My AskAI Improves Support Agent Latency and Accuracy with ZeroEntropy

Sep 4, 2025

Back to Blog

Summary

My AskAI replaced its existing reranker with ZeroEntropy’s zerank‑1 across production traffic.

Results: faster responses at scale, a measurable lift in answer quality, and lower cost.

After an A/B rollout in production with strong significance, My AskAI migrated 100 percent of rerank requests to ZeroEntropy.

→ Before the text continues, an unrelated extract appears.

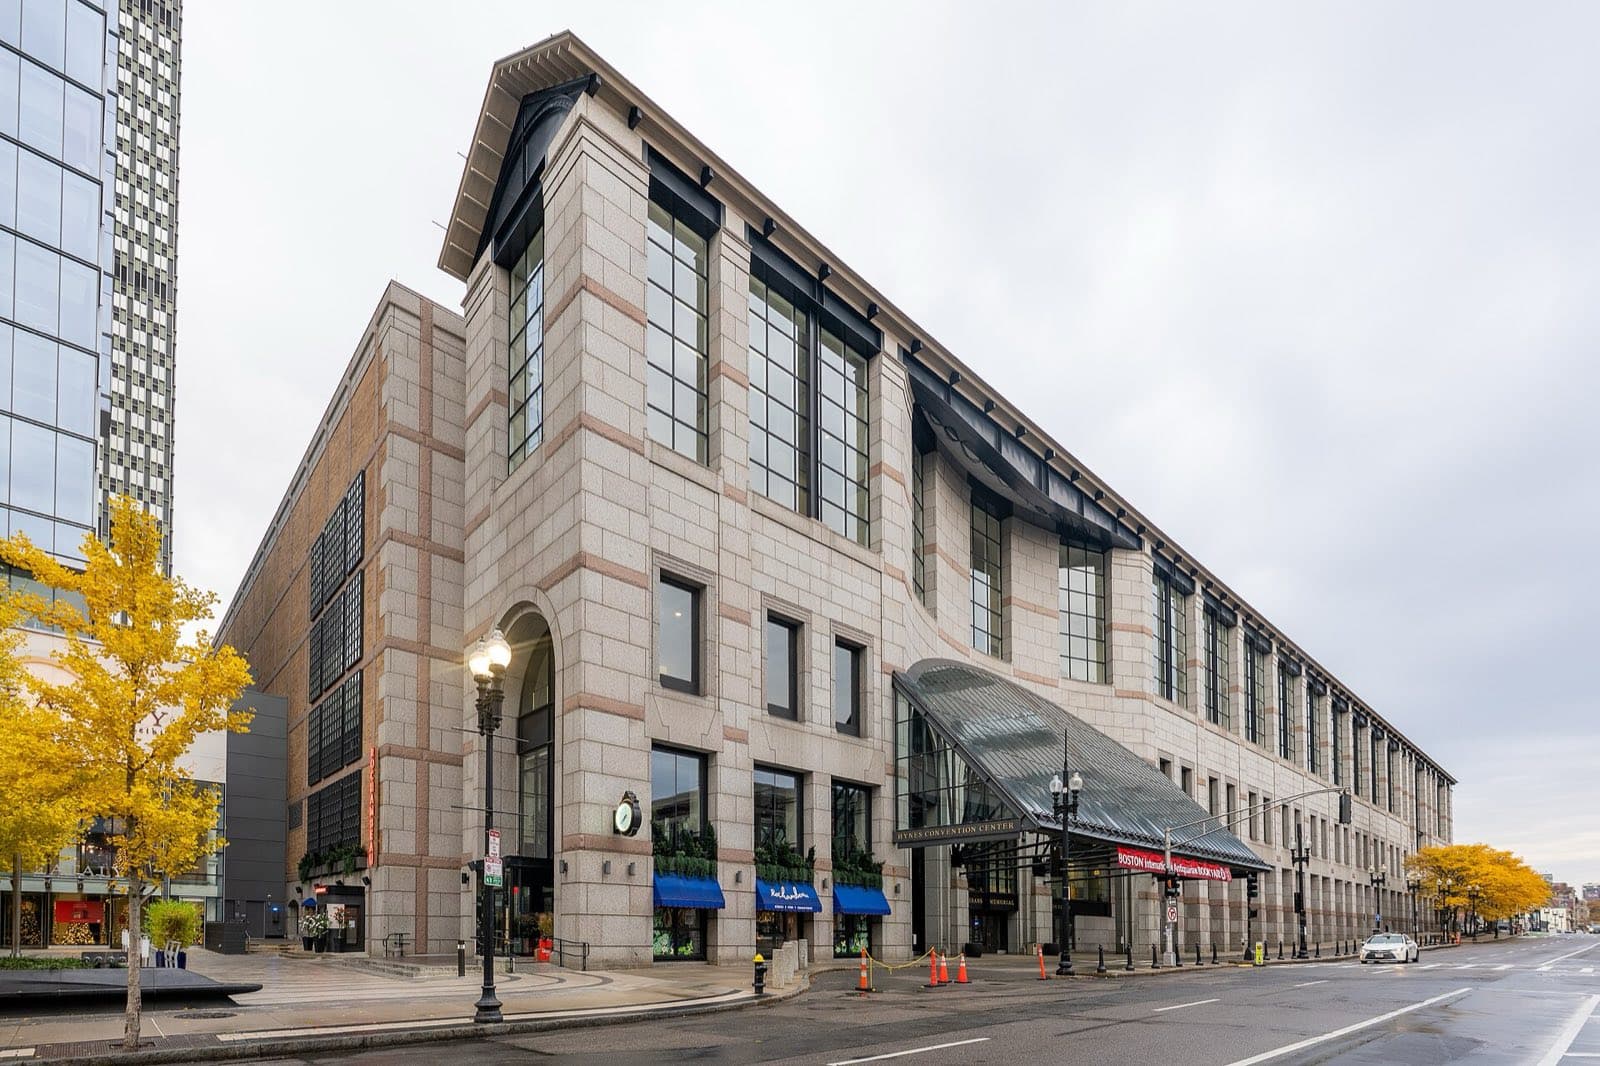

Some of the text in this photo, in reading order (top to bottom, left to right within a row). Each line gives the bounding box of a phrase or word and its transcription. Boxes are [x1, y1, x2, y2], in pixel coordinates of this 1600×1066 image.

[898, 822, 1014, 840] HYNES CONVENTION CENTER
[1118, 853, 1143, 868] BOSTON
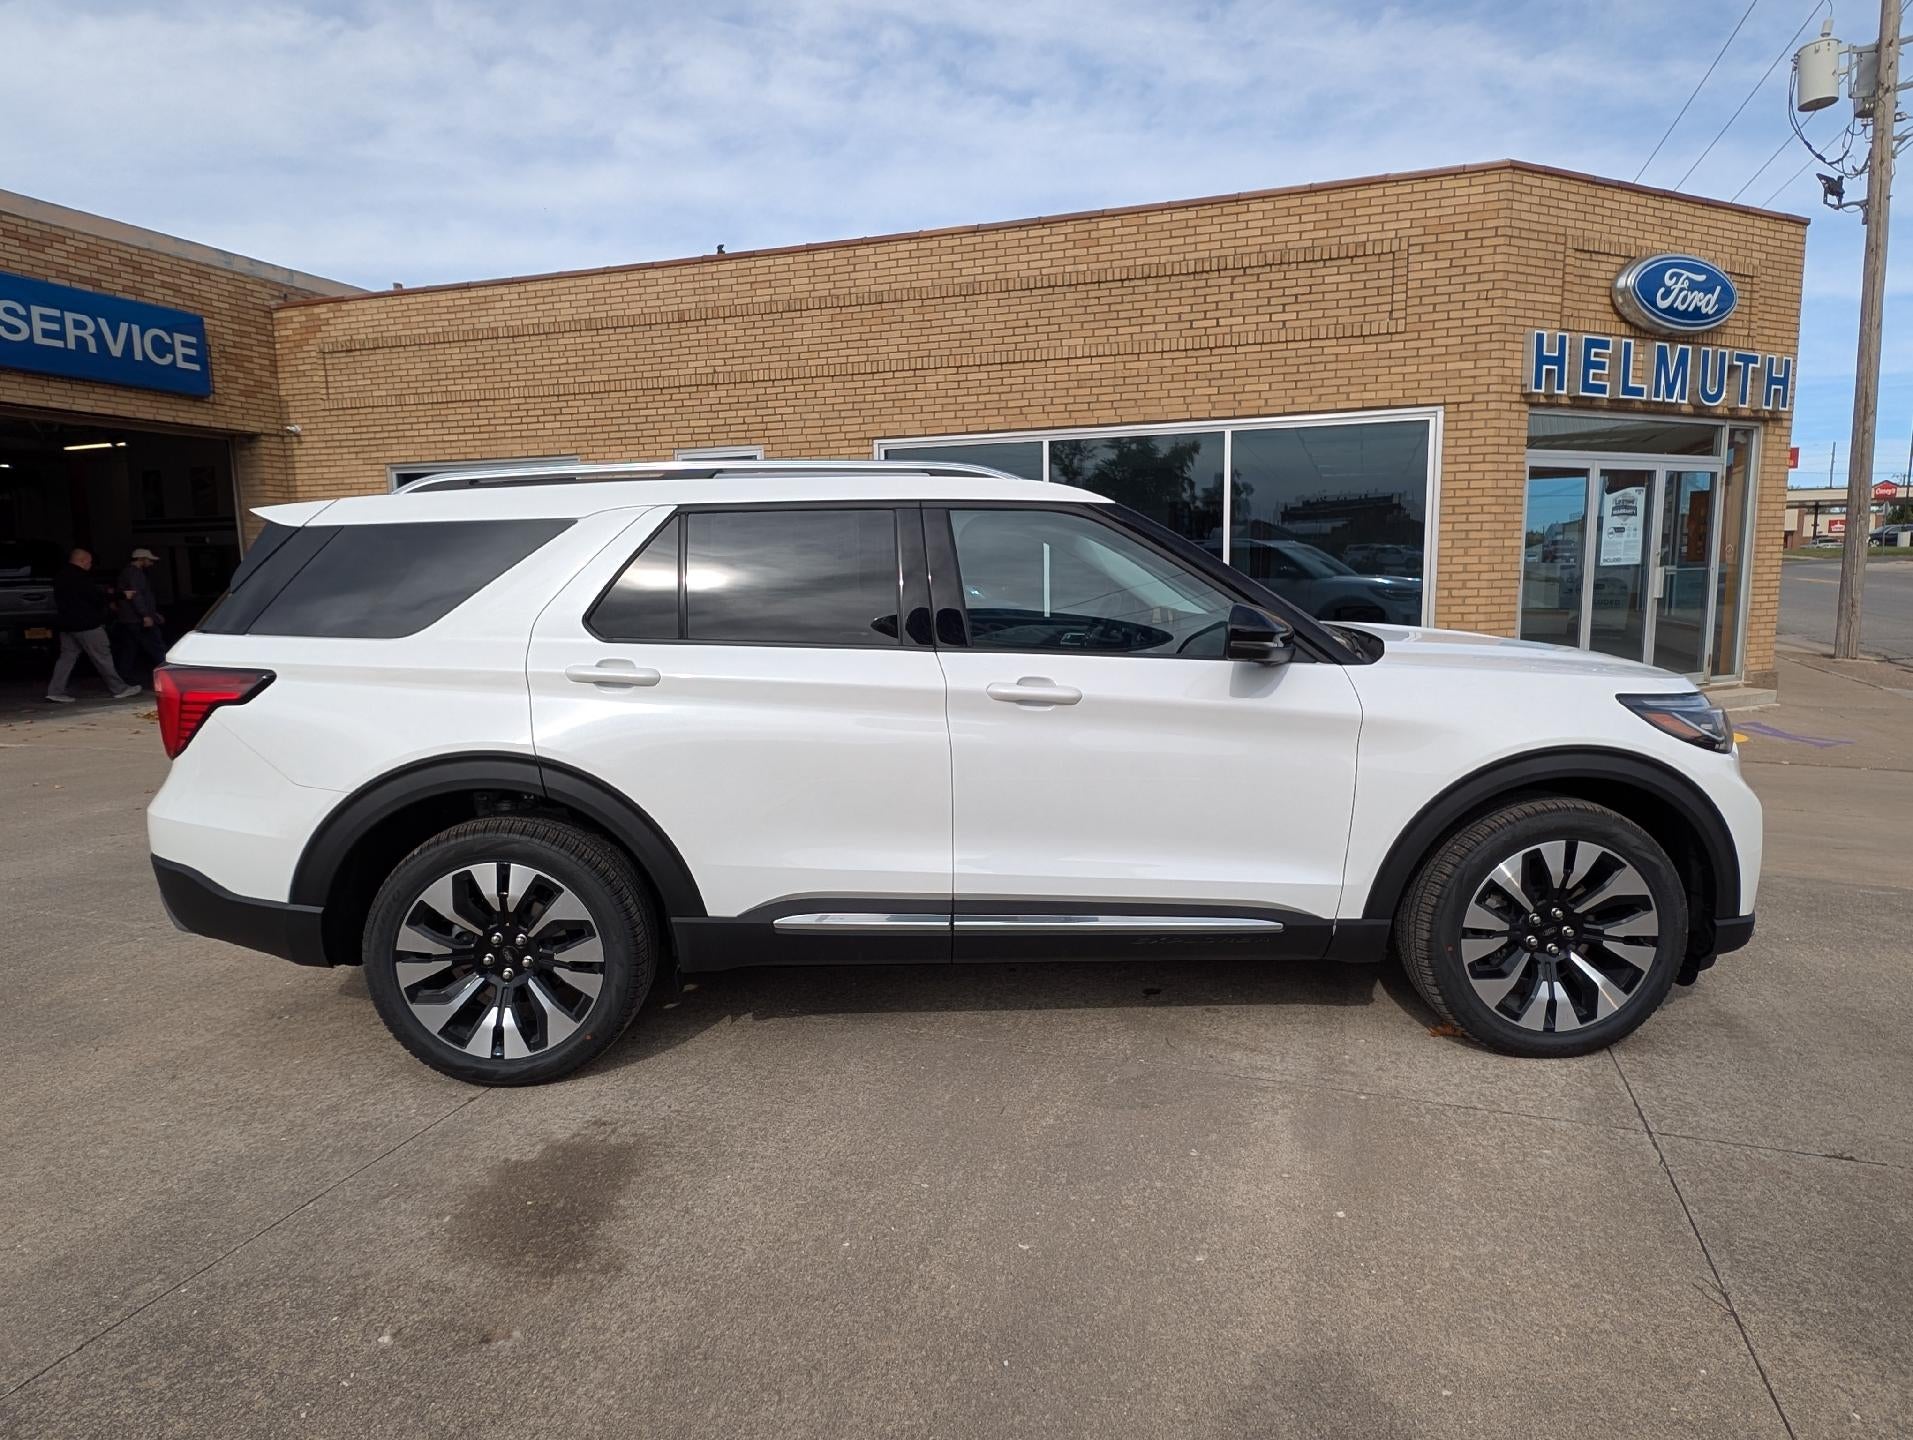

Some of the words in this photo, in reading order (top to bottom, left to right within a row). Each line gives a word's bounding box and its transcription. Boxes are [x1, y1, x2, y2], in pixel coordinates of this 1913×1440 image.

“We ran an A/B test in production, and after only a few days we saw a statistically significant accuracy bump. Along with the cost and latency improvements, this was a no-brainer decision.”
— Alex Rainey, CTO, My AskAI

Highlights:

End‑to‑end migration of rerank traffic to ZeroEntropy
p50 173 ms, p90 240 ms, p99 352 ms over 113,878 real requests
Significant improvement on My AskAI’s answer‑quality metric, including a drop in “I don’t know” responses on several large customers
25% cost reduction and the ability to scale candidate‑set size with predictable latency growth

Company

My AskAI provides AI customer‑support agents that integrate with tools like Zendesk, Intercom, Gorgias, and Freshdesk. The product resolves, on average, 75% of all customer support tickets and can also gracefully escalate to human agents. They offer enterprise-grade security with full GDPR compliance. On top of that, they’re one of the most cost effective solutions in the market, charging just $0.10 per support ticket handled.

Problem

My AskAI’s existing reranker introduced latency variance and tail latency spikes, limiting how many candidate chunks they could safely score per query. The team wanted to push throughput and improve answer quality without raising costs.

Constraints

Production traffic measured in tens of thousands of queries per day
Latency budgets for live support workflows
Need for straightforward integration and predictable scaling behavior

Approach

My AskAI ran an A/B in production: existing reranker vs ZeroEntropy zerank‑1. The experiment measured latency distributions, error rates, and internal success metrics such as the “I don’t know” rate.

Integration

ZeroEntropy is a drop‑in cross‑encoder reranker that sits after first‑stage retrieval. Migration involved swapping the rerank call in My AskAI’s retrieval pipeline.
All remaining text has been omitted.